カスタマイズ性が多少制限される場合もありますが、購入後に問題が起こってから部品を交換するよりは、最初から認定パーツを使う方が安心です。特に初めての導入や社内での稟議を通すうえでも、公式認定というお墨付きは説得材料として強力に働きます。
その一方で、非認定でもスペック的に十分動作すると判断する企業もあります。コスト削減のためにあえて独自仕様のマシンを導入する方法もなくはありませんが、トラブルシューティングの時間と手間は見落とせない要素です。

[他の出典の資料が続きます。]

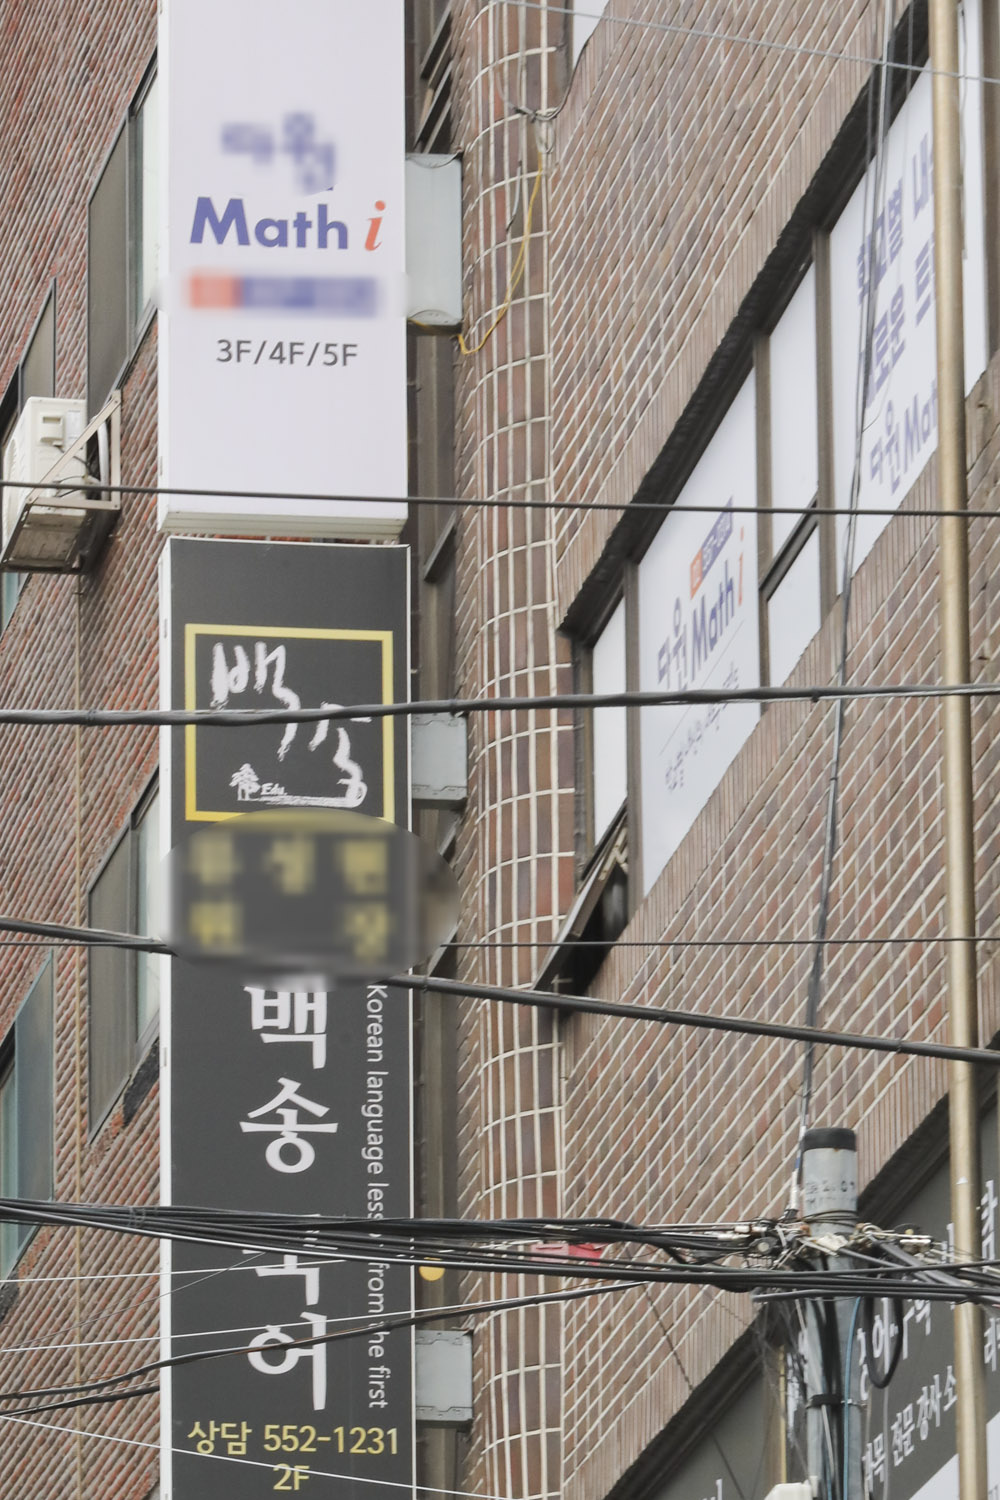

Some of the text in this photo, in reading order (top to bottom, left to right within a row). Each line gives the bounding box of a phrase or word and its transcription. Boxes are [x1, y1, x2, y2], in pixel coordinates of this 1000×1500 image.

11. スペック別おすすめ構成3選(2025年対応)
タイプ | 用途 | CPU | メモリ | GPU | ストレージ |
エントリー | 学習・軽度な設計 | Core i5-13400 | 16GB | Quadro P2200 | 500GB SSD |
スタンダード | 中規模設計 | Core i7-13700 | 32GB | RTX A2000 | 1TB SSD |
ハイエンド | 大規模アセンブリや解析 | Core i9-13900K | 64GB | RTX A4000 | 2TB SSD |
※すべてWindows 11 Pro、認定GPU対応を前提に構成
12. 終わりに:性能と将来性のバランスを考慮
ここまで、OS選定からCPU、GPU、メモリ、ストレージ、ディスプレイに至るまで、PC スペック CADを総合的に検討するためのポイントを解説しました。SOLIDWORKSの推奨スペックを踏まえると、多少予算が高くなっても、将来性と安定性を重視した選定が重要だと分かります。

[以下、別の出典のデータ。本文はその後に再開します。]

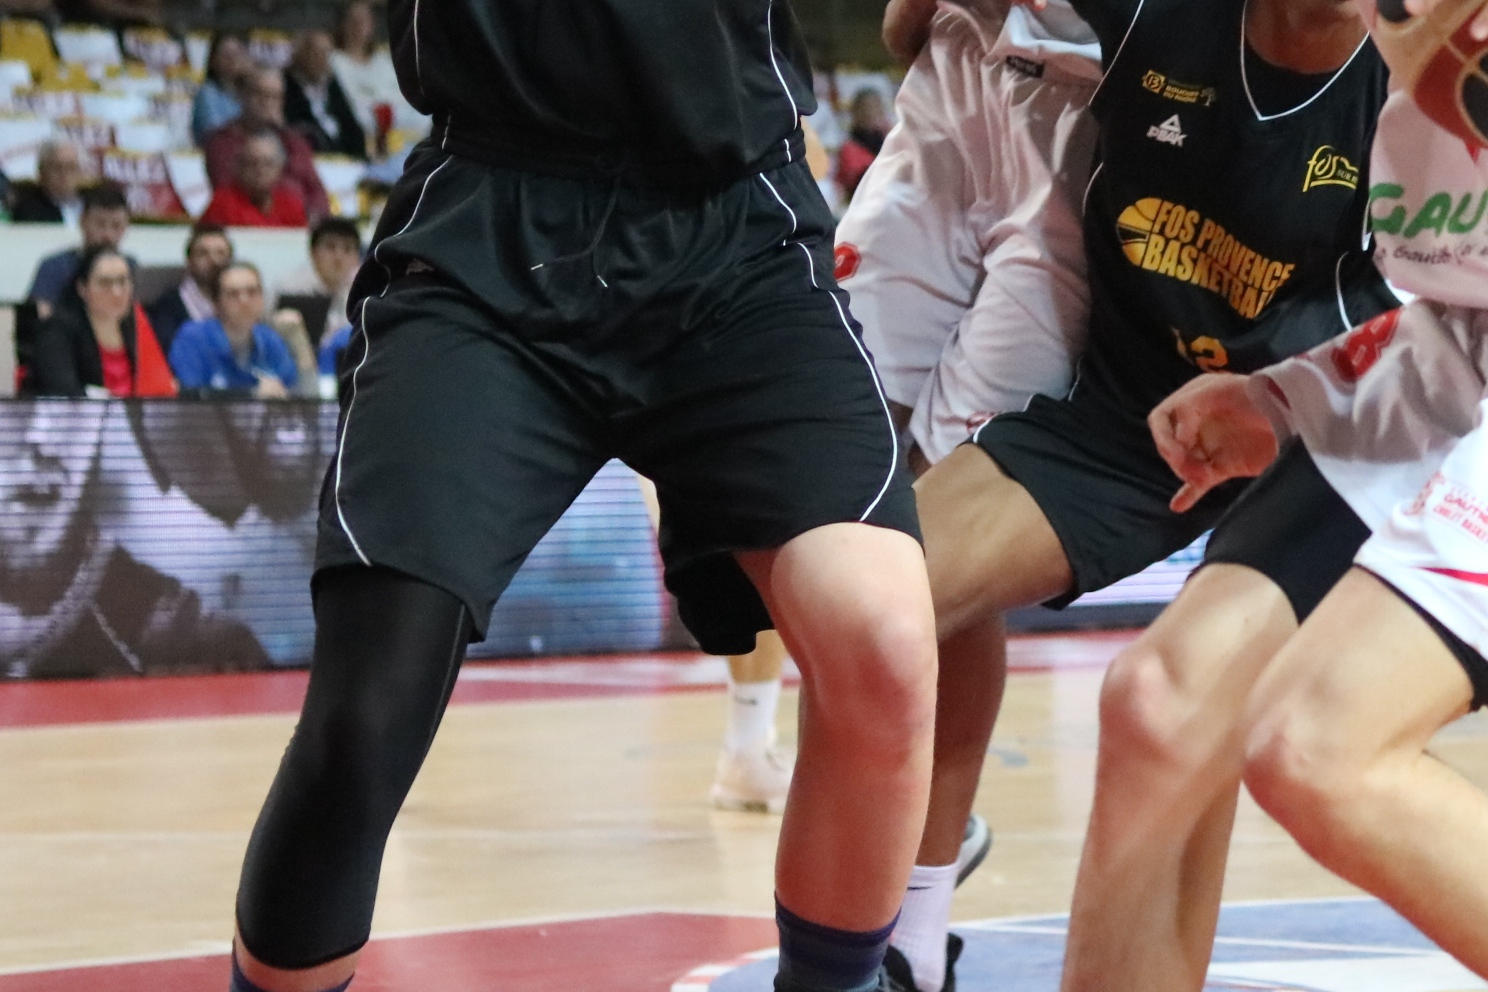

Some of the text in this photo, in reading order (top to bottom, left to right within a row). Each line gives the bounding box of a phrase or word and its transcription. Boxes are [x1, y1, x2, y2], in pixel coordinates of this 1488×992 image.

[1146, 124, 1188, 148] PEAK
[1152, 200, 1296, 293] FOS PROVENCE

特にSOLIDWORKS 2025への対応や、NVIDIA Quadroなどのプロ向けGPUによる運用実績は、長期的なコストパフォーマンスを左右します。最新OSへの移行を見据えることで、企業としての業務継続性も高まり、ハードウェアアップグレード計画をスムーズに遂行できるでしょう。
また、ハードウェア認定リストや公式サポートを上手に活用することで、トラブル対応のリスクを最小化できます。必要に応じてモバイルワークステーションを導入し、社内と出先の両方で快適なCAD環境を整えることも視野に入れてください。
最後に、導入後のセットアップや動作確認も含め、IT担当者としては準備段階からハードウェア選定、運用開始後のメンテナンスまでを一貫して管理する責任があります。本記事を「SOLIDWORKSのPC購入ガイド」として活用し、確実な判断と導入計画を築いていただければ幸いです。